:: Supplied entries
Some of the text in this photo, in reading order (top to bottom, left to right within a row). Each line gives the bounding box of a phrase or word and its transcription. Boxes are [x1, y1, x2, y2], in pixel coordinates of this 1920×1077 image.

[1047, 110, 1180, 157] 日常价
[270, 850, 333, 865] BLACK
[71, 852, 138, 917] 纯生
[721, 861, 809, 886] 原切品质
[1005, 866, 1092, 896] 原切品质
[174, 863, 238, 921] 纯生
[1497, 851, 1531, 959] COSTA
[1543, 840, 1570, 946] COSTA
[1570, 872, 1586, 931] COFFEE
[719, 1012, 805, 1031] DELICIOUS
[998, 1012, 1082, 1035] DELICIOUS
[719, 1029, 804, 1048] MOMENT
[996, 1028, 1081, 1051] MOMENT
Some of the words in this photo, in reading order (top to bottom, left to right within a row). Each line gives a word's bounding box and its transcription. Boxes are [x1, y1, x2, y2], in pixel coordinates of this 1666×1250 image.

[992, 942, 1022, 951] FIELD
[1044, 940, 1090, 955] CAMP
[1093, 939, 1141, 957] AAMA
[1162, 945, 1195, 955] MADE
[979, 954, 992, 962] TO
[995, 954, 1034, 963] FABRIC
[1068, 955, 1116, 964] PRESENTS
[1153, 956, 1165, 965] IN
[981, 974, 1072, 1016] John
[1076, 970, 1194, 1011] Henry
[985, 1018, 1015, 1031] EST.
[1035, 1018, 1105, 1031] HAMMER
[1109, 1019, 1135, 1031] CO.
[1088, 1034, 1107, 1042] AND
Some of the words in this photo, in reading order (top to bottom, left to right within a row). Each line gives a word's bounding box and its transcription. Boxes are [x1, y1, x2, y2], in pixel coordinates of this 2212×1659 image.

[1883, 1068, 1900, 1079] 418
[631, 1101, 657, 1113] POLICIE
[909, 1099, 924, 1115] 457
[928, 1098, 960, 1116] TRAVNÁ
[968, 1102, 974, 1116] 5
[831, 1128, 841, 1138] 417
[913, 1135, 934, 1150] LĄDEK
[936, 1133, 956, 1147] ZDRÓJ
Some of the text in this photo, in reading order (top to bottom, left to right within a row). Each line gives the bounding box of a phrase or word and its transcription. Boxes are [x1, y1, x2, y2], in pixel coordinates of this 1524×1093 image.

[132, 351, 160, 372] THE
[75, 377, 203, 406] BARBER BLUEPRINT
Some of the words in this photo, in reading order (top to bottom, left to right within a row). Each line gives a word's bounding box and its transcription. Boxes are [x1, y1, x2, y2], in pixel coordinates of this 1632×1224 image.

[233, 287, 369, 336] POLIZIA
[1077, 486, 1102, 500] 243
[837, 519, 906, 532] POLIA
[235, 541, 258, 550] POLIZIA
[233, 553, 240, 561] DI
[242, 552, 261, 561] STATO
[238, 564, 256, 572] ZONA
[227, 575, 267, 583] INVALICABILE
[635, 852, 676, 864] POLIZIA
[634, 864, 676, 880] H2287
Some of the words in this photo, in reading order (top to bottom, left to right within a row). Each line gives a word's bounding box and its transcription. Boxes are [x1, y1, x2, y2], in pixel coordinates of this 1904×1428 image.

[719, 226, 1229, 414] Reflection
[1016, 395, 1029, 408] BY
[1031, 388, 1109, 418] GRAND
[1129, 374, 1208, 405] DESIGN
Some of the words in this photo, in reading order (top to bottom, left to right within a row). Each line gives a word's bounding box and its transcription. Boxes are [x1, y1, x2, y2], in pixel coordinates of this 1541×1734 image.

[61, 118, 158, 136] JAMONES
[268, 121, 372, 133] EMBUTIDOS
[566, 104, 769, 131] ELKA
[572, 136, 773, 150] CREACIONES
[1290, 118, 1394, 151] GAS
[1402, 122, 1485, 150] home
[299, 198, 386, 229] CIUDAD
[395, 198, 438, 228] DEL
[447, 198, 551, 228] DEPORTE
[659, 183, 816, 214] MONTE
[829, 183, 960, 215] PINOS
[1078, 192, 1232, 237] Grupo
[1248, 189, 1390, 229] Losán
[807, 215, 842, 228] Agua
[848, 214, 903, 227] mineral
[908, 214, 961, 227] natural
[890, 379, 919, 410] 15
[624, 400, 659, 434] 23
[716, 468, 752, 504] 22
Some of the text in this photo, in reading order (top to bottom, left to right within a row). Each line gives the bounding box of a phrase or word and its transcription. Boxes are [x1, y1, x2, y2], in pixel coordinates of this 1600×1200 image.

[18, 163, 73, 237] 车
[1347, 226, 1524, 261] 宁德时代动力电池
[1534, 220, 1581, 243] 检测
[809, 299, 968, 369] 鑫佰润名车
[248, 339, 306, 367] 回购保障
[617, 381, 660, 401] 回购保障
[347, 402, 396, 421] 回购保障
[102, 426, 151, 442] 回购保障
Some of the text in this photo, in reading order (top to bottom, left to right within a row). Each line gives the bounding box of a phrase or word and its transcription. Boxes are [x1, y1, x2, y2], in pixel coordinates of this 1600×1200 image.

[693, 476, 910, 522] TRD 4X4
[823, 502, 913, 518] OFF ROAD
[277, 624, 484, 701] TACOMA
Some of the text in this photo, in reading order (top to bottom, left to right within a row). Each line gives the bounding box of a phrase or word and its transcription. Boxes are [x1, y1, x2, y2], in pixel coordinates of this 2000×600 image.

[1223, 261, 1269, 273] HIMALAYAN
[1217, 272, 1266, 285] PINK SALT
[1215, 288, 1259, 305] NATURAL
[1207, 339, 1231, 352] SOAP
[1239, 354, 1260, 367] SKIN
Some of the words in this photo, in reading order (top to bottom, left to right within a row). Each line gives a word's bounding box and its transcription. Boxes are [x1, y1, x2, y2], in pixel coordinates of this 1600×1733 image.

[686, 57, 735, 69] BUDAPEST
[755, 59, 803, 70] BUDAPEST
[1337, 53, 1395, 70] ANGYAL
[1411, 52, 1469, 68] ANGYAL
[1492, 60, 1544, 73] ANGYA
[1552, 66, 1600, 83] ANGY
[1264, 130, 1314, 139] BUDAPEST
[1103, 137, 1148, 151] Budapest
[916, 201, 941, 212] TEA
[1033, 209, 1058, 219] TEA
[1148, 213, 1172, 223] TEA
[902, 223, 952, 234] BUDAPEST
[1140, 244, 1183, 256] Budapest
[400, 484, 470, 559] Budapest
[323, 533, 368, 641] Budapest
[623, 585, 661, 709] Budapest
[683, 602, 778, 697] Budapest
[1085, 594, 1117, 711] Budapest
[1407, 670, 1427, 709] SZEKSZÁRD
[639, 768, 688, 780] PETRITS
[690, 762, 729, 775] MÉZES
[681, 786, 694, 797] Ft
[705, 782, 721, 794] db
::::
◆ **Required work**:
Line by line, please copy the records above exactly.

◆ **Response**:
Some of the text in this photo, in reading order (top to bottom, left to right within a row). Each line gives the bounding box of a phrase or word and its transcription. Boxes are [x1, y1, x2, y2], in pixel coordinates of this 1920×1077 image.

[1047, 110, 1180, 157] 日常价
[270, 850, 333, 865] BLACK
[71, 852, 138, 917] 纯生
[721, 861, 809, 886] 原切品质
[1005, 866, 1092, 896] 原切品质
[174, 863, 238, 921] 纯生
[1497, 851, 1531, 959] COSTA
[1543, 840, 1570, 946] COSTA
[1570, 872, 1586, 931] COFFEE
[719, 1012, 805, 1031] DELICIOUS
[998, 1012, 1082, 1035] DELICIOUS
[719, 1029, 804, 1048] MOMENT
[996, 1028, 1081, 1051] MOMENT
Some of the words in this photo, in reading order (top to bottom, left to right within a row). Each line gives a word's bounding box and its transcription. Boxes are [x1, y1, x2, y2], in pixel coordinates of this 1666×1250 image.

[992, 942, 1022, 951] FIELD
[1044, 940, 1090, 955] CAMP
[1093, 939, 1141, 957] AAMA
[1162, 945, 1195, 955] MADE
[979, 954, 992, 962] TO
[995, 954, 1034, 963] FABRIC
[1068, 955, 1116, 964] PRESENTS
[1153, 956, 1165, 965] IN
[981, 974, 1072, 1016] John
[1076, 970, 1194, 1011] Henry
[985, 1018, 1015, 1031] EST.
[1035, 1018, 1105, 1031] HAMMER
[1109, 1019, 1135, 1031] CO.
[1088, 1034, 1107, 1042] AND
Some of the words in this photo, in reading order (top to bottom, left to right within a row). Each line gives a word's bounding box and its transcription. Boxes are [x1, y1, x2, y2], in pixel coordinates of this 2212×1659 image.

[1883, 1068, 1900, 1079] 418
[631, 1101, 657, 1113] POLICIE
[909, 1099, 924, 1115] 457
[928, 1098, 960, 1116] TRAVNÁ
[968, 1102, 974, 1116] 5
[831, 1128, 841, 1138] 417
[913, 1135, 934, 1150] LĄDEK
[936, 1133, 956, 1147] ZDRÓJ
Some of the text in this photo, in reading order (top to bottom, left to right within a row). Each line gives the bounding box of a phrase or word and its transcription. Boxes are [x1, y1, x2, y2], in pixel coordinates of this 1524×1093 image.

[132, 351, 160, 372] THE
[75, 377, 203, 406] BARBER BLUEPRINT
Some of the words in this photo, in reading order (top to bottom, left to right within a row). Each line gives a word's bounding box and its transcription. Boxes are [x1, y1, x2, y2], in pixel coordinates of this 1632×1224 image.

[233, 287, 369, 336] POLIZIA
[1077, 486, 1102, 500] 243
[837, 519, 906, 532] POLIA
[235, 541, 258, 550] POLIZIA
[233, 553, 240, 561] DI
[242, 552, 261, 561] STATO
[238, 564, 256, 572] ZONA
[227, 575, 267, 583] INVALICABILE
[635, 852, 676, 864] POLIZIA
[634, 864, 676, 880] H2287
Some of the words in this photo, in reading order (top to bottom, left to right within a row). Each line gives a word's bounding box and its transcription. Boxes are [x1, y1, x2, y2], in pixel coordinates of this 1904×1428 image.

[719, 226, 1229, 414] Reflection
[1016, 395, 1029, 408] BY
[1031, 388, 1109, 418] GRAND
[1129, 374, 1208, 405] DESIGN
Some of the words in this photo, in reading order (top to bottom, left to right within a row). Each line gives a word's bounding box and its transcription. Boxes are [x1, y1, x2, y2], in pixel coordinates of this 1541×1734 image.

[61, 118, 158, 136] JAMONES
[268, 121, 372, 133] EMBUTIDOS
[566, 104, 769, 131] ELKA
[572, 136, 773, 150] CREACIONES
[1290, 118, 1394, 151] GAS
[1402, 122, 1485, 150] home
[299, 198, 386, 229] CIUDAD
[395, 198, 438, 228] DEL
[447, 198, 551, 228] DEPORTE
[659, 183, 816, 214] MONTE
[829, 183, 960, 215] PINOS
[1078, 192, 1232, 237] Grupo
[1248, 189, 1390, 229] Losán
[807, 215, 842, 228] Agua
[848, 214, 903, 227] mineral
[908, 214, 961, 227] natural
[890, 379, 919, 410] 15
[624, 400, 659, 434] 23
[716, 468, 752, 504] 22
Some of the text in this photo, in reading order (top to bottom, left to right within a row). Each line gives the bounding box of a phrase or word and its transcription. Boxes are [x1, y1, x2, y2], in pixel coordinates of this 1600×1200 image.

[18, 163, 73, 237] 车
[1347, 226, 1524, 261] 宁德时代动力电池
[1534, 220, 1581, 243] 检测
[809, 299, 968, 369] 鑫佰润名车
[248, 339, 306, 367] 回购保障
[617, 381, 660, 401] 回购保障
[347, 402, 396, 421] 回购保障
[102, 426, 151, 442] 回购保障
Some of the text in this photo, in reading order (top to bottom, left to right within a row). Each line gives the bounding box of a phrase or word and its transcription. Boxes are [x1, y1, x2, y2], in pixel coordinates of this 1600×1200 image.

[693, 476, 910, 522] TRD 4X4
[823, 502, 913, 518] OFF ROAD
[277, 624, 484, 701] TACOMA
Some of the text in this photo, in reading order (top to bottom, left to right within a row). Each line gives the bounding box of a phrase or word and its transcription. Boxes are [x1, y1, x2, y2], in pixel coordinates of this 2000×600 image.

[1223, 261, 1269, 273] HIMALAYAN
[1217, 272, 1266, 285] PINK SALT
[1215, 288, 1259, 305] NATURAL
[1207, 339, 1231, 352] SOAP
[1239, 354, 1260, 367] SKIN
Some of the words in this photo, in reading order (top to bottom, left to right within a row). Each line gives a word's bounding box and its transcription. Boxes are [x1, y1, x2, y2], in pixel coordinates of this 1600×1733 image.

[686, 57, 735, 69] BUDAPEST
[755, 59, 803, 70] BUDAPEST
[1337, 53, 1395, 70] ANGYAL
[1411, 52, 1469, 68] ANGYAL
[1492, 60, 1544, 73] ANGYA
[1552, 66, 1600, 83] ANGY
[1264, 130, 1314, 139] BUDAPEST
[1103, 137, 1148, 151] Budapest
[916, 201, 941, 212] TEA
[1033, 209, 1058, 219] TEA
[1148, 213, 1172, 223] TEA
[902, 223, 952, 234] BUDAPEST
[1140, 244, 1183, 256] Budapest
[400, 484, 470, 559] Budapest
[323, 533, 368, 641] Budapest
[623, 585, 661, 709] Budapest
[683, 602, 778, 697] Budapest
[1085, 594, 1117, 711] Budapest
[1407, 670, 1427, 709] SZEKSZÁRD
[639, 768, 688, 780] PETRITS
[690, 762, 729, 775] MÉZES
[681, 786, 694, 797] Ft
[705, 782, 721, 794] db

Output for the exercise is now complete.